=== Task goal ===
Since only the words are wanted, reproduce every entry exactly and leave the images behind.
Top of Input
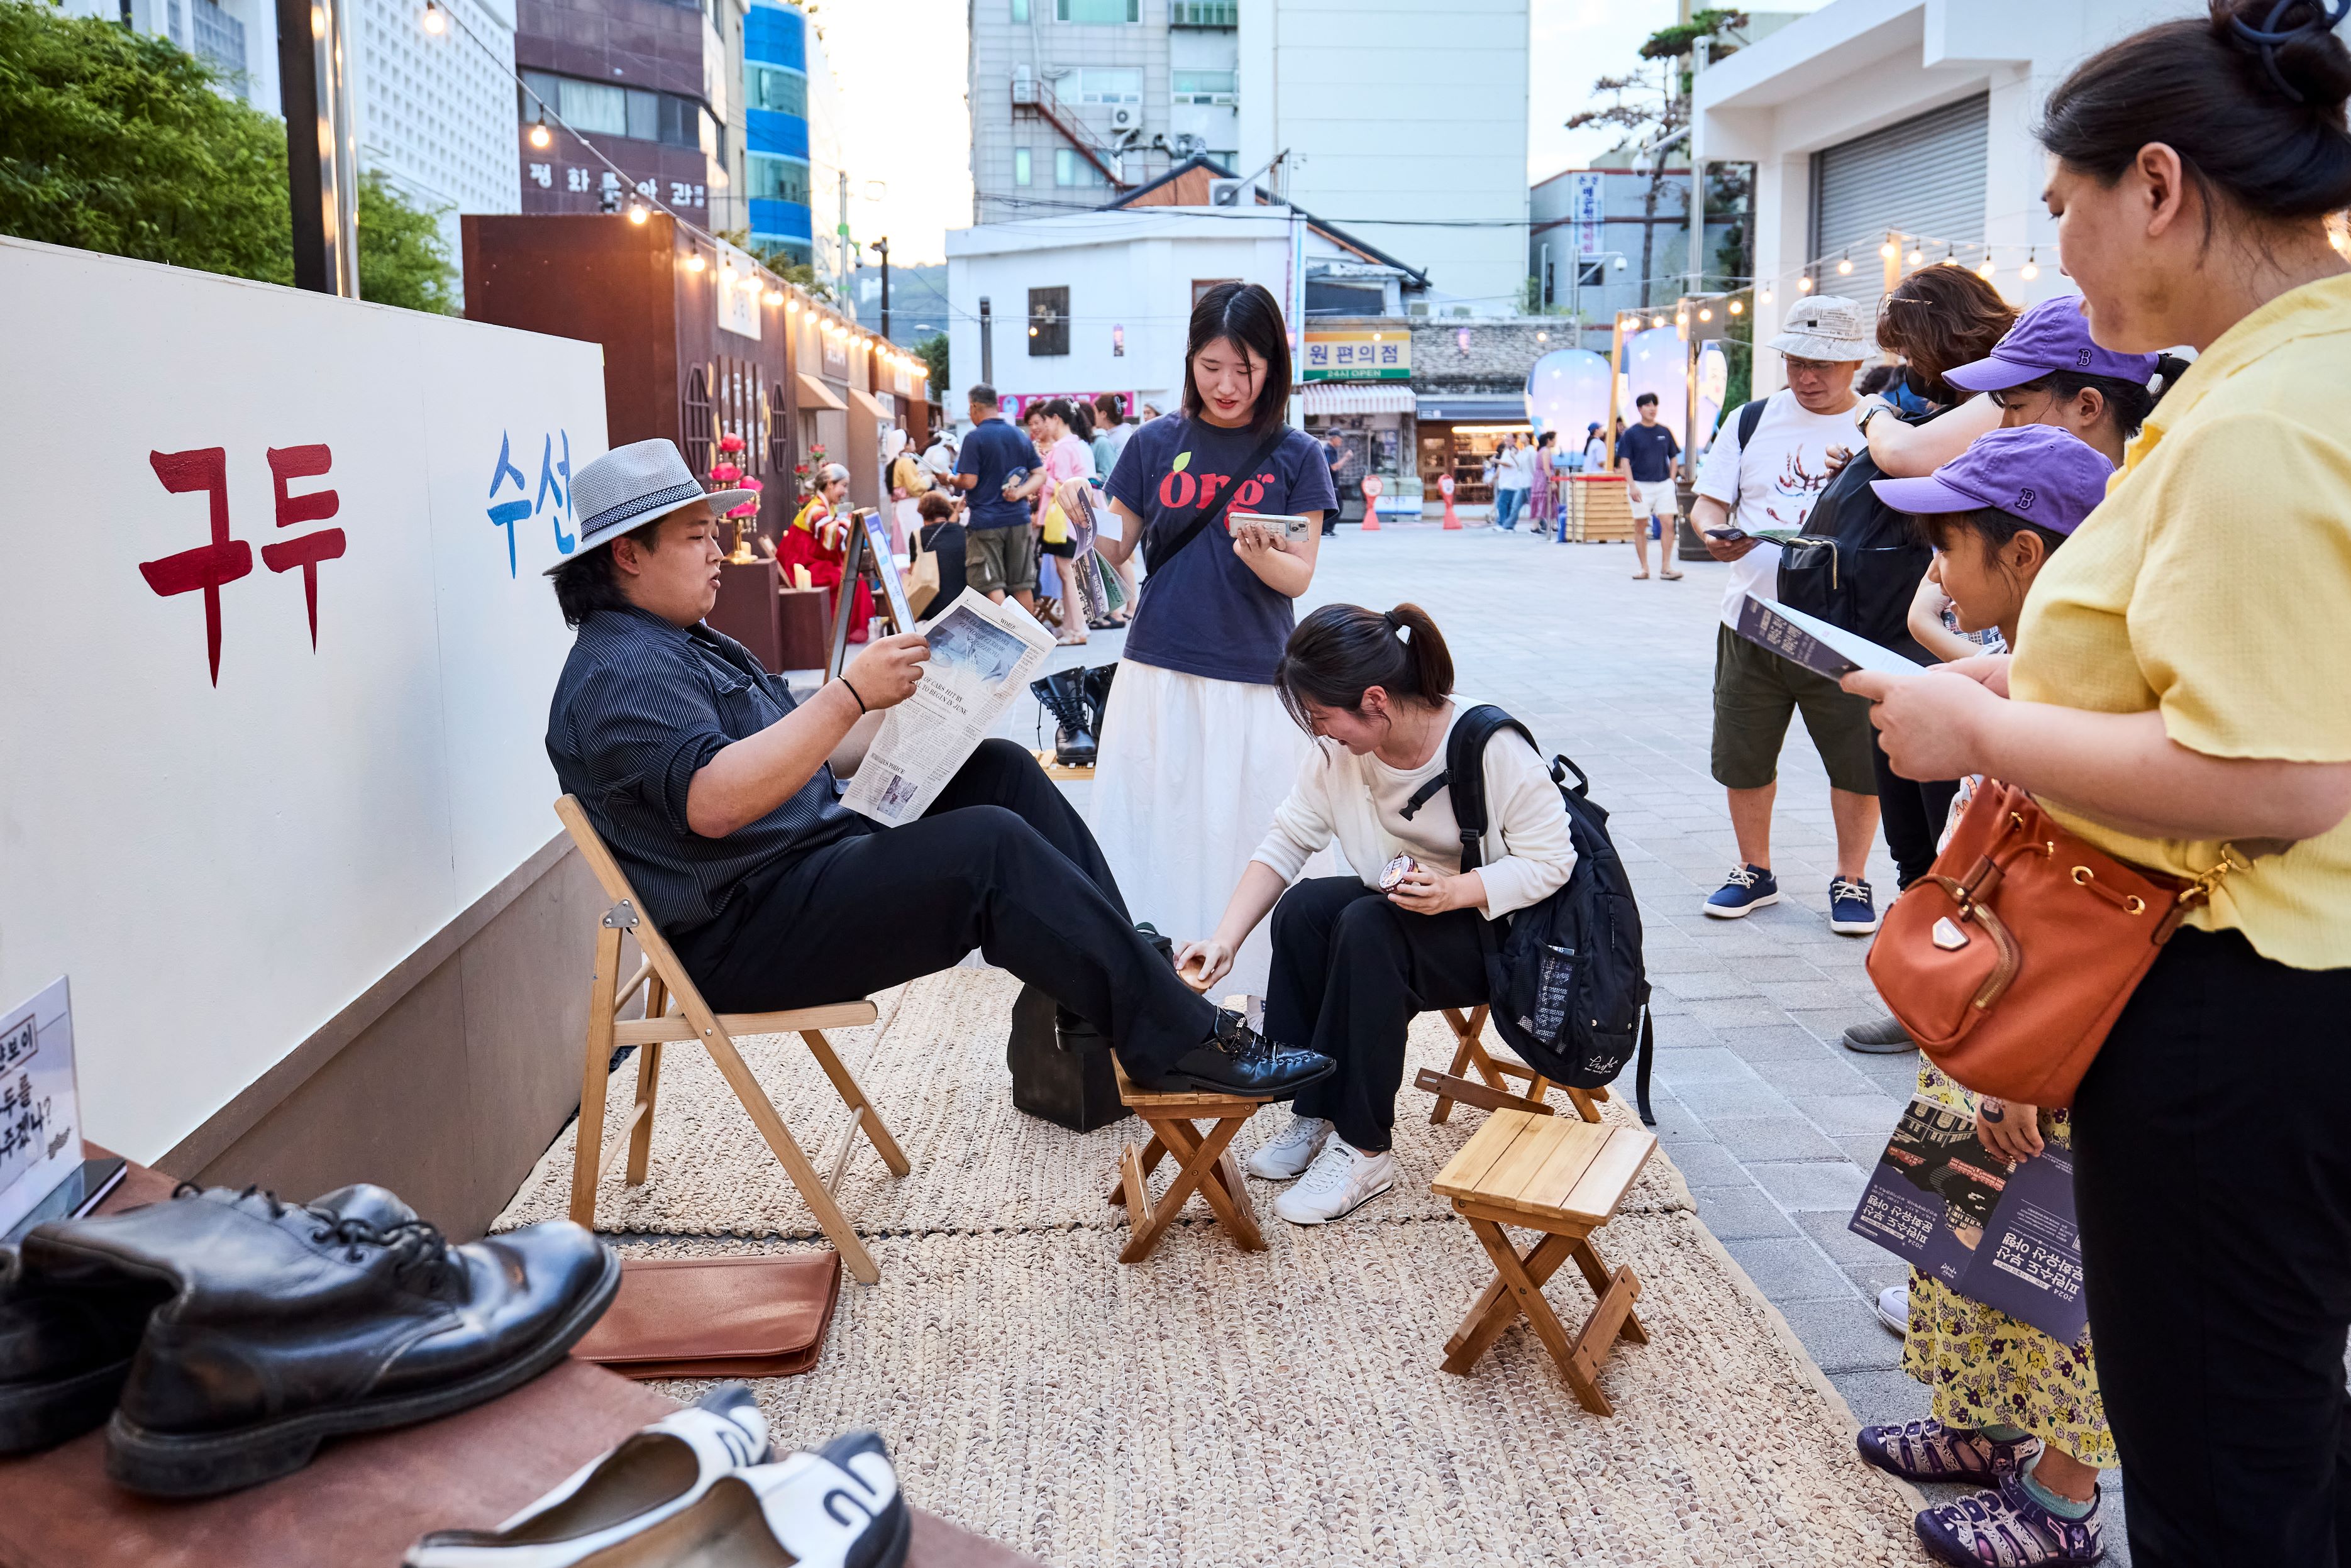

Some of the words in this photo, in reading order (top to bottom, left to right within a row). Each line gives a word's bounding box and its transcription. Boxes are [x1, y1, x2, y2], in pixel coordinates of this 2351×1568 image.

[1310, 345, 1328, 365] 원
[1337, 345, 1397, 363] 편의점
[2077, 349, 2092, 367] B
[487, 428, 574, 580] 수선
[2015, 487, 2036, 510] B
[139, 443, 346, 689] 구두
[999, 617, 1016, 630] WORLD
[921, 684, 930, 692] TO
[929, 688, 947, 703] BEGIN
[952, 703, 968, 715] JUNE
[922, 676, 933, 685] OF
[931, 680, 946, 692] CARS
[944, 688, 956, 698] HIT
[954, 695, 963, 703] BY
[888, 762, 905, 775] POLICE
[1861, 1203, 1886, 1222] 부산
[1866, 1193, 1890, 1212] 야행
[1884, 1214, 1929, 1244] 피란수도
[1889, 1203, 1934, 1234] 문화유산
[1907, 1238, 1923, 1249] 2024
[2001, 1231, 2032, 1255] 야행
[1994, 1244, 2025, 1268] 부산
[2030, 1244, 2087, 1283] 문화유산
[2024, 1257, 2081, 1296] 피란수도
[2052, 1288, 2074, 1302] 2024
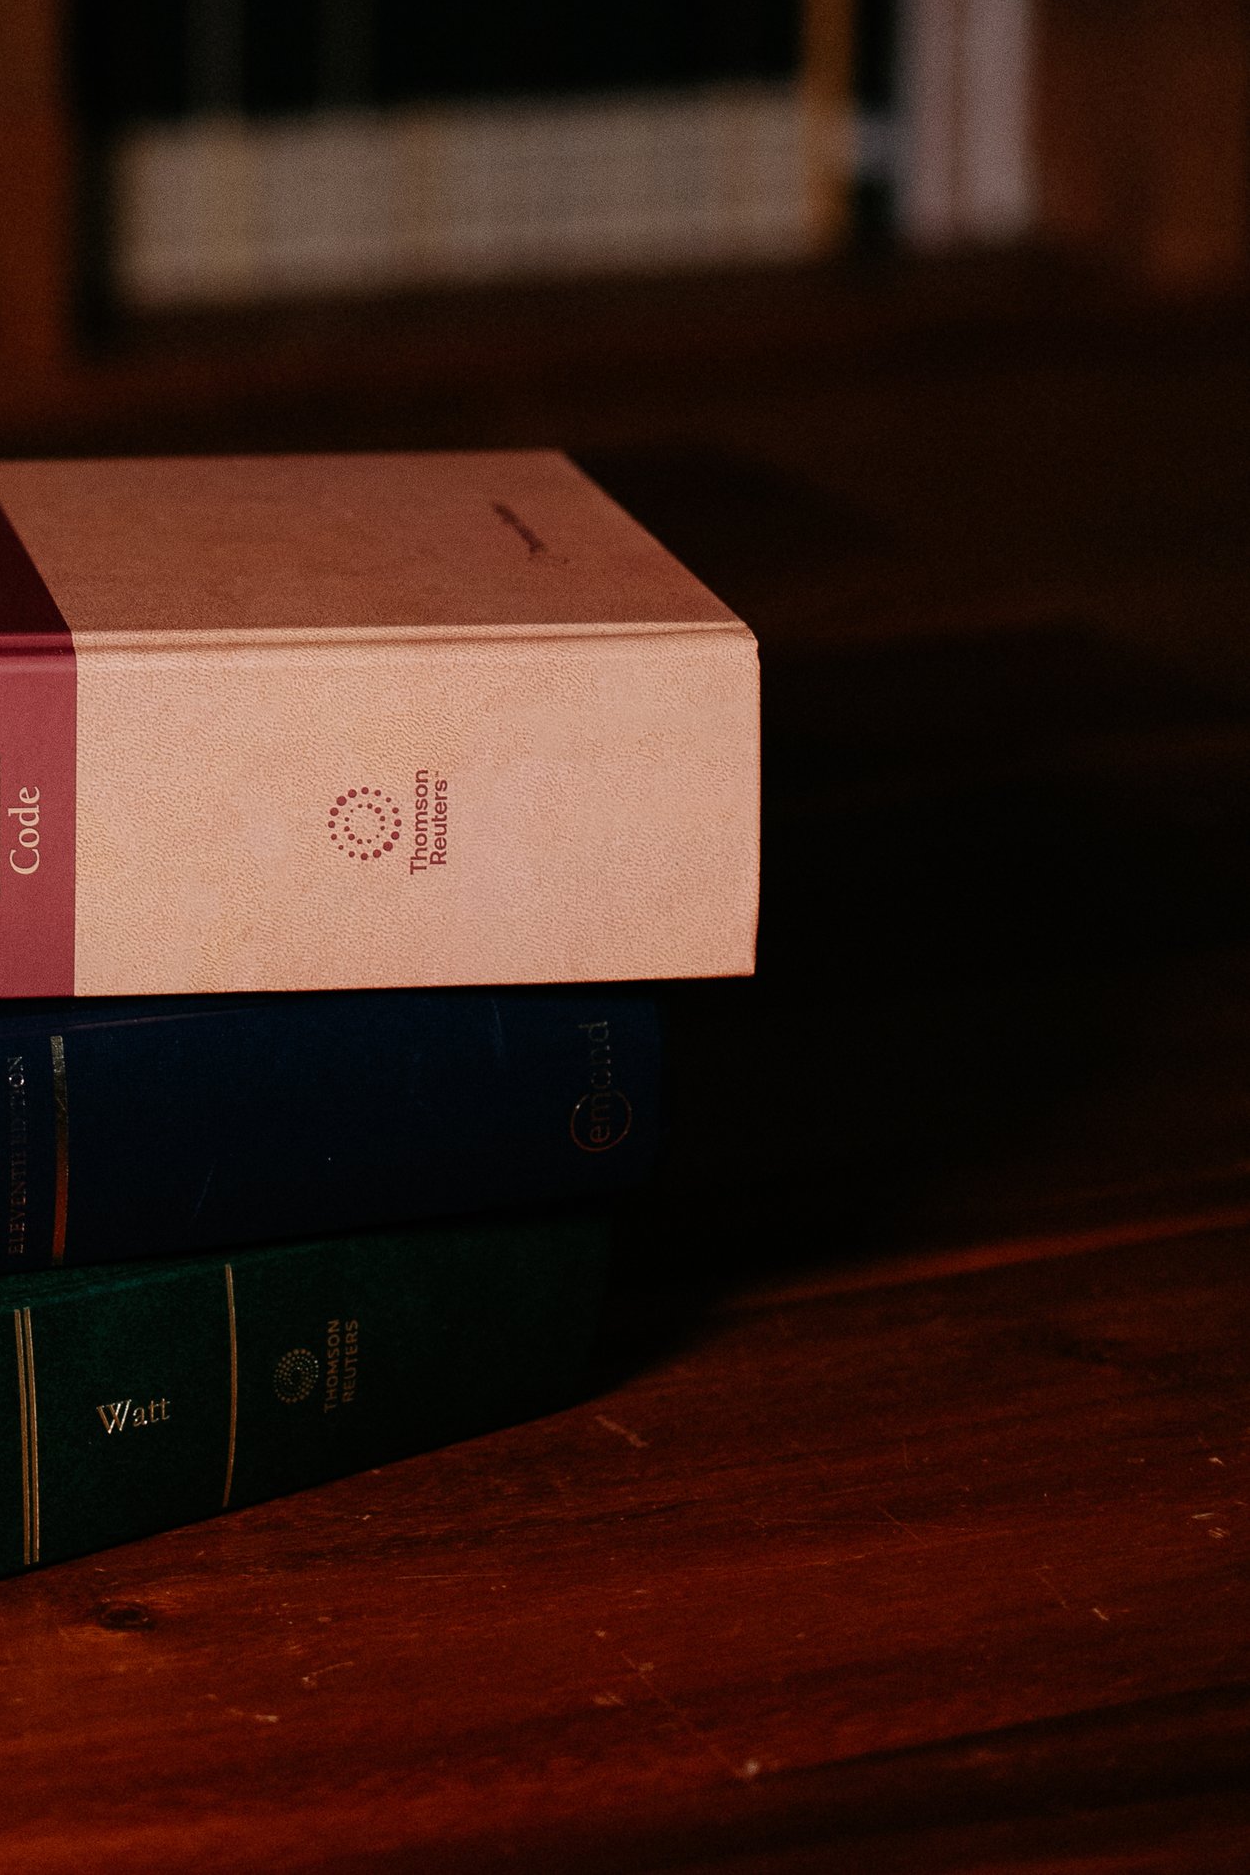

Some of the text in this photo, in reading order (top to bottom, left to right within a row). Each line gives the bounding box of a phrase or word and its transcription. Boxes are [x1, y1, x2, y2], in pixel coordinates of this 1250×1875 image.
Bottom of Input
=== Exercise result ===
Some of the words in this photo, in reading order (top to bottom, left to right within a row). Each line gives a word's bounding box and its transcription. Boxes are [x1, y1, x2, y2], in pixel coordinates of this 2351×1568 image.

[1310, 345, 1328, 365] 원
[1337, 345, 1397, 363] 편의점
[2077, 349, 2092, 367] B
[487, 428, 574, 580] 수선
[2015, 487, 2036, 510] B
[139, 443, 346, 689] 구두
[999, 617, 1016, 630] WORLD
[921, 684, 930, 692] TO
[929, 688, 947, 703] BEGIN
[952, 703, 968, 715] JUNE
[922, 676, 933, 685] OF
[931, 680, 946, 692] CARS
[944, 688, 956, 698] HIT
[954, 695, 963, 703] BY
[888, 762, 905, 775] POLICE
[1861, 1203, 1886, 1222] 부산
[1866, 1193, 1890, 1212] 야행
[1884, 1214, 1929, 1244] 피란수도
[1889, 1203, 1934, 1234] 문화유산
[1907, 1238, 1923, 1249] 2024
[2001, 1231, 2032, 1255] 야행
[1994, 1244, 2025, 1268] 부산
[2030, 1244, 2087, 1283] 문화유산
[2024, 1257, 2081, 1296] 피란수도
[2052, 1288, 2074, 1302] 2024

Some of the text in this photo, in reading order (top to bottom, left to right within a row). Each line gives the bounding box of a phrase or word and its transcription. Boxes are [x1, y1, x2, y2], in pixel coordinates of this 1250×1875 image.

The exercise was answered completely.